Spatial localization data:
= = = = =

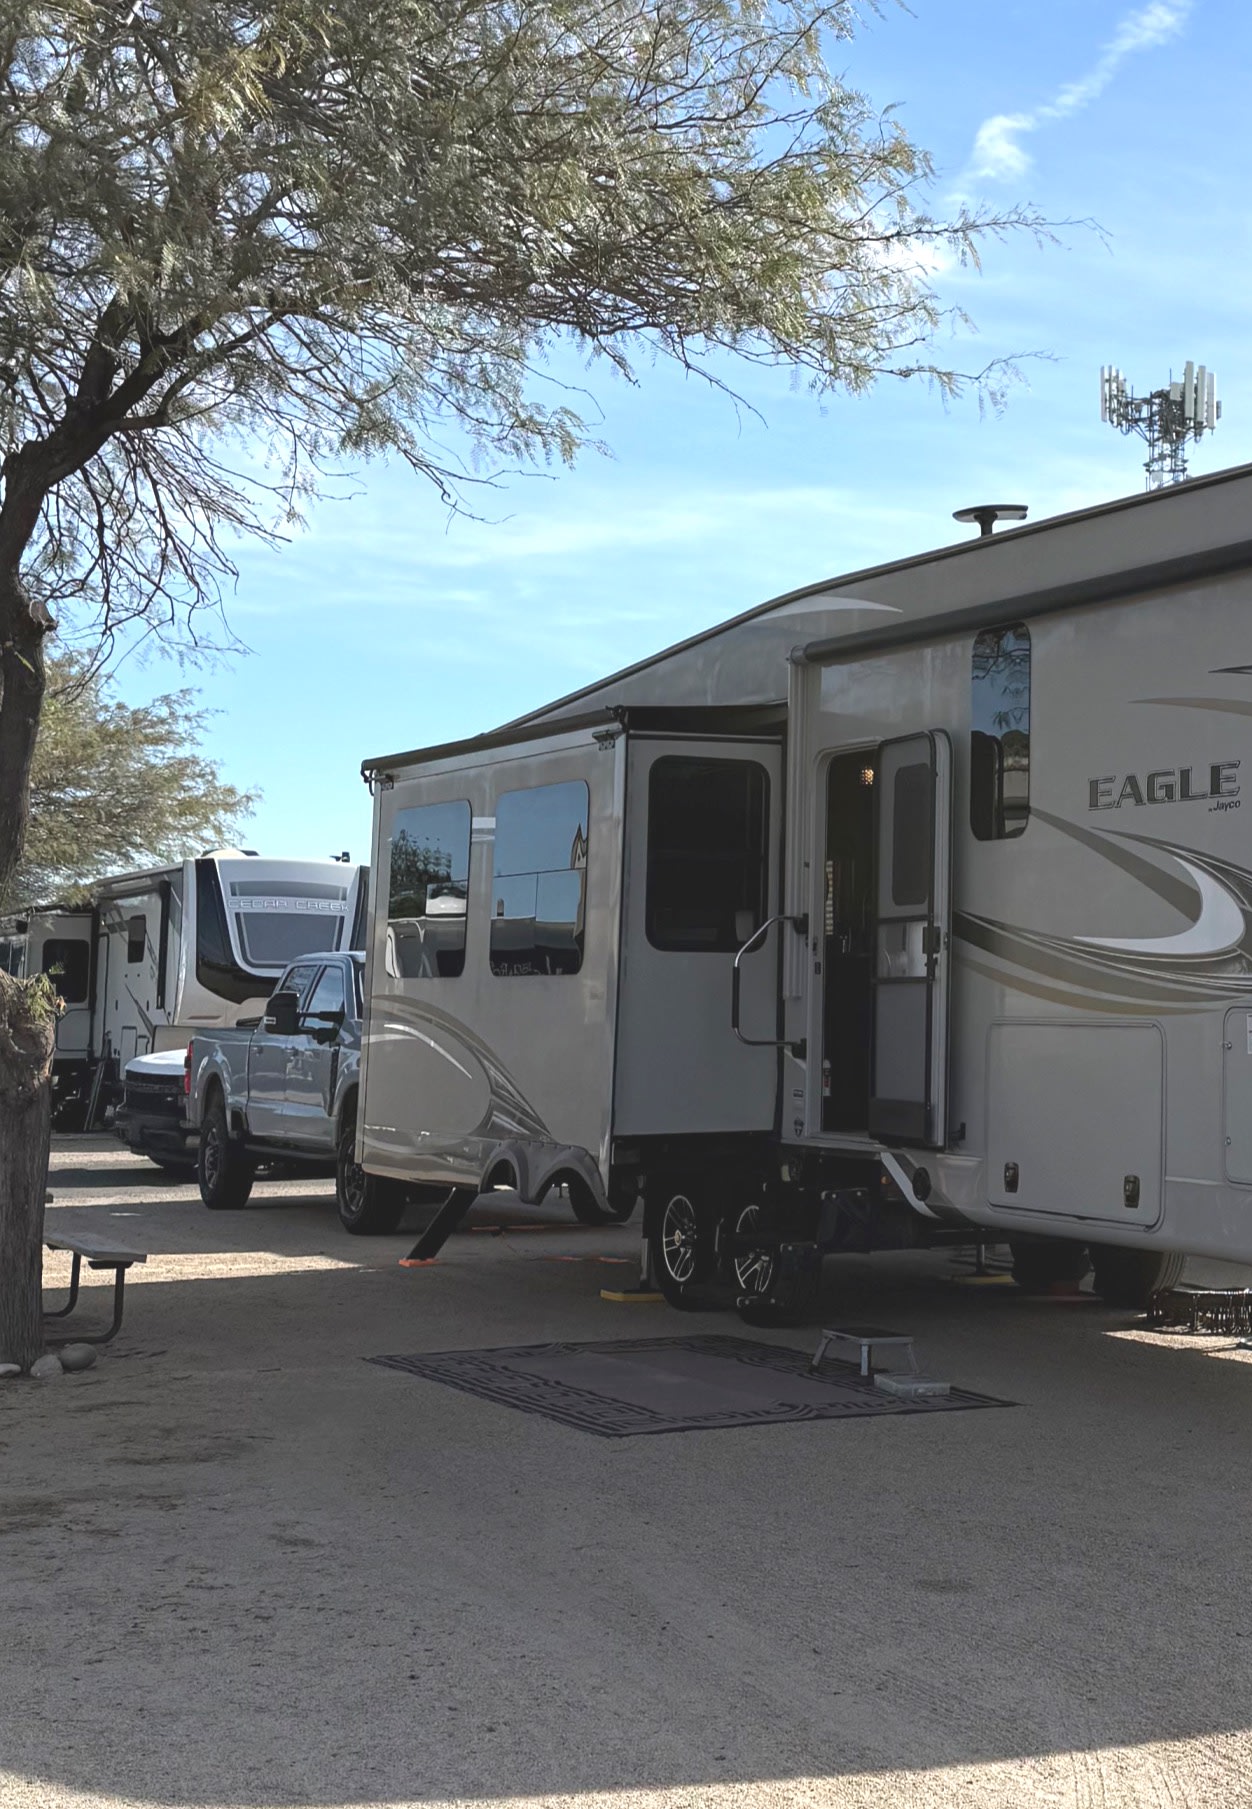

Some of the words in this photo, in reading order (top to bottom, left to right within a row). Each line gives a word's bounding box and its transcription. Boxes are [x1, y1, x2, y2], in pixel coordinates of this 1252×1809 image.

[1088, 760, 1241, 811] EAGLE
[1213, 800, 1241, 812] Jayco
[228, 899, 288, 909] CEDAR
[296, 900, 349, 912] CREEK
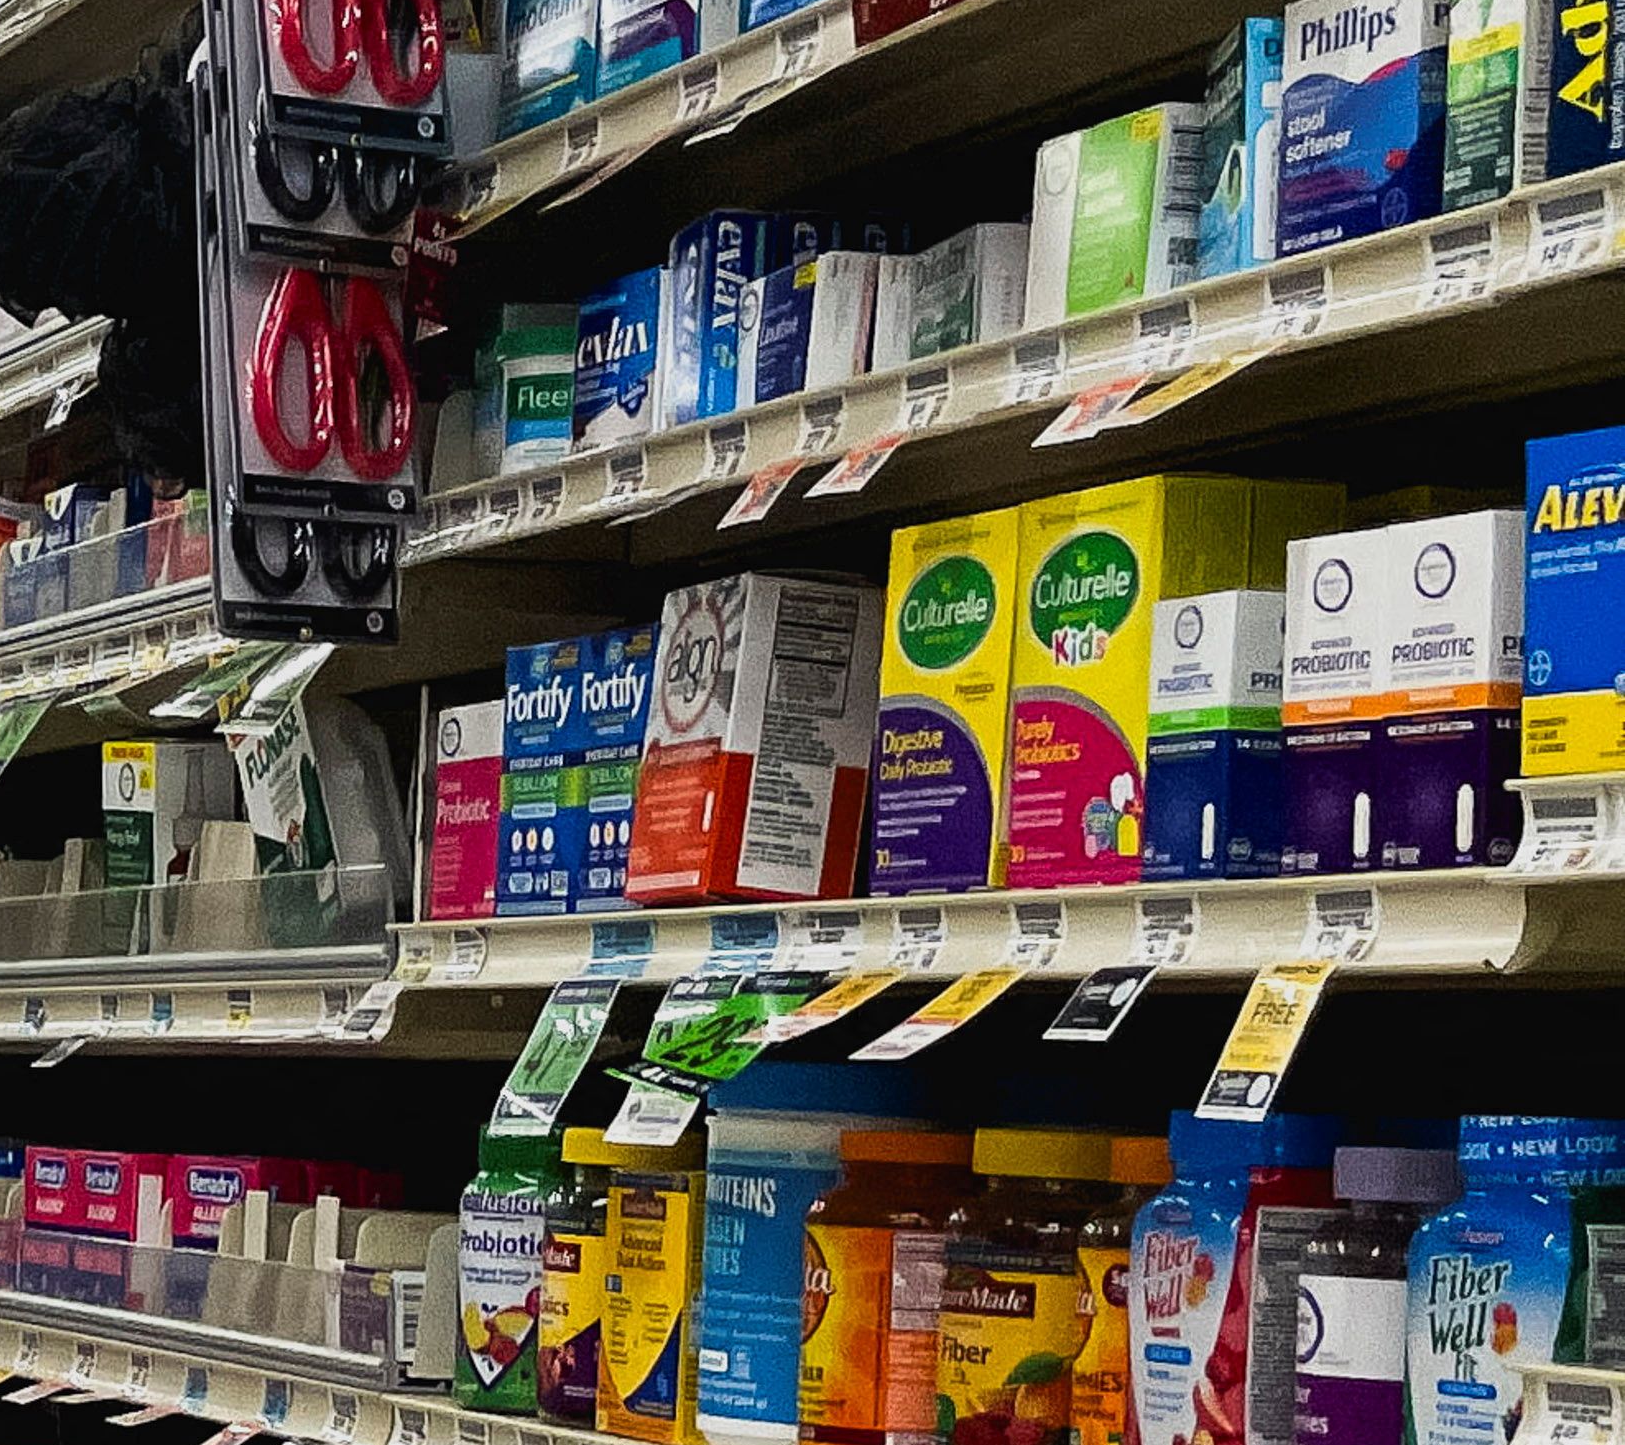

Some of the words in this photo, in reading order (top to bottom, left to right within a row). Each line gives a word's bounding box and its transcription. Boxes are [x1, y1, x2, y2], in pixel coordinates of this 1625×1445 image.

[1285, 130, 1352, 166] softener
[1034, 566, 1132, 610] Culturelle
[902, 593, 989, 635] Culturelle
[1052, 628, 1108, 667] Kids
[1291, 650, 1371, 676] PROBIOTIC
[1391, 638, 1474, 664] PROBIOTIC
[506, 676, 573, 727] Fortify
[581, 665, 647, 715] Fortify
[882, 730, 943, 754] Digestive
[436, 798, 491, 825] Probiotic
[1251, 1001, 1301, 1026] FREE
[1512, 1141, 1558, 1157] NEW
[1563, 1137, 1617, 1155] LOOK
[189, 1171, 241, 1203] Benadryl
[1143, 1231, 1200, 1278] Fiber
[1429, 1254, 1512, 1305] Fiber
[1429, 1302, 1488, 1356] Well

= = = = =

**Exercise goal:** All lines from the one with "this 1625×1445 image." through the end of the records need to be copied exactly, and no other lines.

**Expected output:**
Some of the words in this photo, in reading order (top to bottom, left to right within a row). Each line gives a word's bounding box and its transcription. Boxes are [x1, y1, x2, y2], in pixel coordinates of this 1625×1445 image.

[1285, 130, 1352, 166] softener
[1034, 566, 1132, 610] Culturelle
[902, 593, 989, 635] Culturelle
[1052, 628, 1108, 667] Kids
[1291, 650, 1371, 676] PROBIOTIC
[1391, 638, 1474, 664] PROBIOTIC
[506, 676, 573, 727] Fortify
[581, 665, 647, 715] Fortify
[882, 730, 943, 754] Digestive
[436, 798, 491, 825] Probiotic
[1251, 1001, 1301, 1026] FREE
[1512, 1141, 1558, 1157] NEW
[1563, 1137, 1617, 1155] LOOK
[189, 1171, 241, 1203] Benadryl
[1143, 1231, 1200, 1278] Fiber
[1429, 1254, 1512, 1305] Fiber
[1429, 1302, 1488, 1356] Well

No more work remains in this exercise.